I scowl at him. “I bet you’d like to know how it feels.”

“Unfriendly, my queen,” he says with a grunt. “Ought not you be kind to the least of your subjects?”

“You want kindness?” I used to be afraid of him, of his dire warnings and wild eyes, but I am not afraid of him now. “All those years, you could have helped me and my sister. You could have taught us how to survive here as mortals. But you left us to figure it out on our own, even though we’re the same.”

He peers at me through narrowed eyes. “The same?” he demands. “Do you think a seed planted in goblin soil grows to be the same plant as it would have in the mortal world? No, little seed. I do not know what you are, but we are not the same. I came here fully grown.”

And with that, he walks on, leaving me scowling after him.

I find Lady Asha in a canopied bed, her head propped up on pillows. Her horns don’t look as though they make it easy for her to find a comfortable position, but I guess when they’re your horns, you’re used to them.

Two courtiers, one in a gown and the other in trousers and a coat with an opening for delicate wings in the back, sit in chairs beside her. One reads from a collection of gossipy sonnets. The servant girl who brought me Lady Asha’s message lights candles, and the scents of sage, clove, and lavender permeate the air.

When I come in, the courtiers remain seated far longer than they ought, and when they rise to make their bows, they do so with pointed lethargy. Lady Asha stays abed, gazing at me with a slight smile, as though we both know a distasteful secret.

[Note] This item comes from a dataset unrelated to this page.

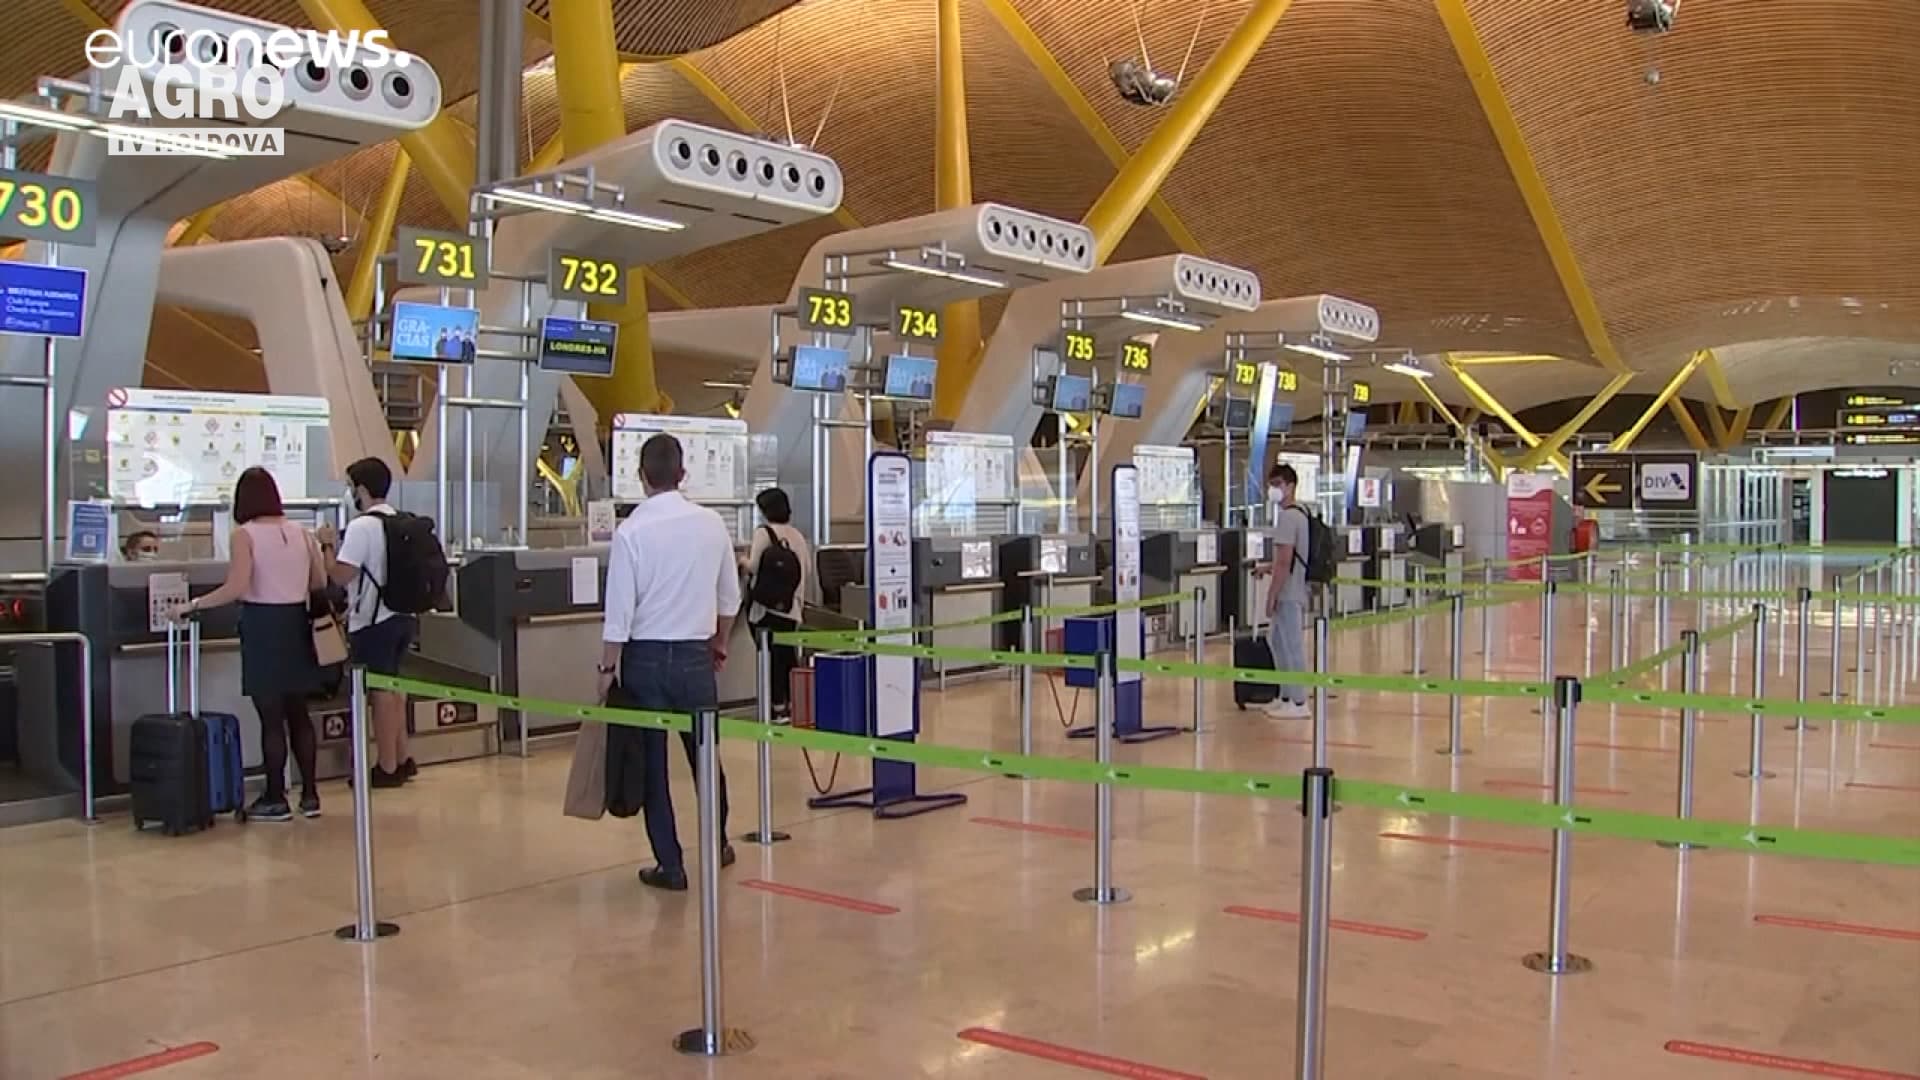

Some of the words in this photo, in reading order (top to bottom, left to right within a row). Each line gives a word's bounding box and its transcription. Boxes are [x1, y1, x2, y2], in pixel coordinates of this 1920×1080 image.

I think of my own mother, as I have not in a long time. I recall the way she threw back her head when she laughed. How she let us stay up late during the summer, chasing one another through the backyard in the moonlight, my hands sticky with melted Popsicle, the stink of Dad’s forge heavy in the air. I recall waking in the afternoon, cartoons playing in the living room and mosquito bites blooming on my skin. I think of the way she would bring me in from the car when I fell asleep on long drives. I think of the drowsy, warm feeling of being carried through the air.

Who would I be without any of that?

“Don’t worry about getting up,” I tell Lady Asha. She looks surprised, and then offended, by the implication that she owes me the courtesies of my new position. The courtier in the coat has a gleam in his eye that makes me think he is going to go and tell absolutely everyone what he’s witnessed. I doubt very much that the story will flatter me.

“We will speak later,” Lady Asha says to her friends, a frigid tone in her voice. They seem to take being dismissed in stride. With another bow—this one made carefully to both of us—they depart, barely waiting until the door shuts to begin whispering to each other.

“Your visit must be a kindness,” Cardan’s mother says. “With you so recently returned to us. And so recently coming into a throne.”

I force myself not to smile. The inability to lie makes for some interesting sentences.

“Come,” she says. “Sit a moment with me.”

I know the Bomb would say that this is another instance where I am letting her tell me what to do, but it seems petty to object to such minor high-handedness.

“When I brought you from the Tower of Forgetting to my den of spies,” I say, in case she needs reminding of why she should worry about making me angry, “you said you wanted to be away from the High King, your son. But you two seem to have made up. You must be so pleased.”

She makes a pout. “Cardan was not an easy child to love, and he’s only grown worse with time. He would scream to be held, and then once picked up he would bite and kick his way out of my arms. He would find a game and obsess over it until it was conquered, then burn all the pieces. Once you’re no longer a challenge, he will despise you.”

I stare at her. “And you’re giving me this warning out of the kindness of your heart?”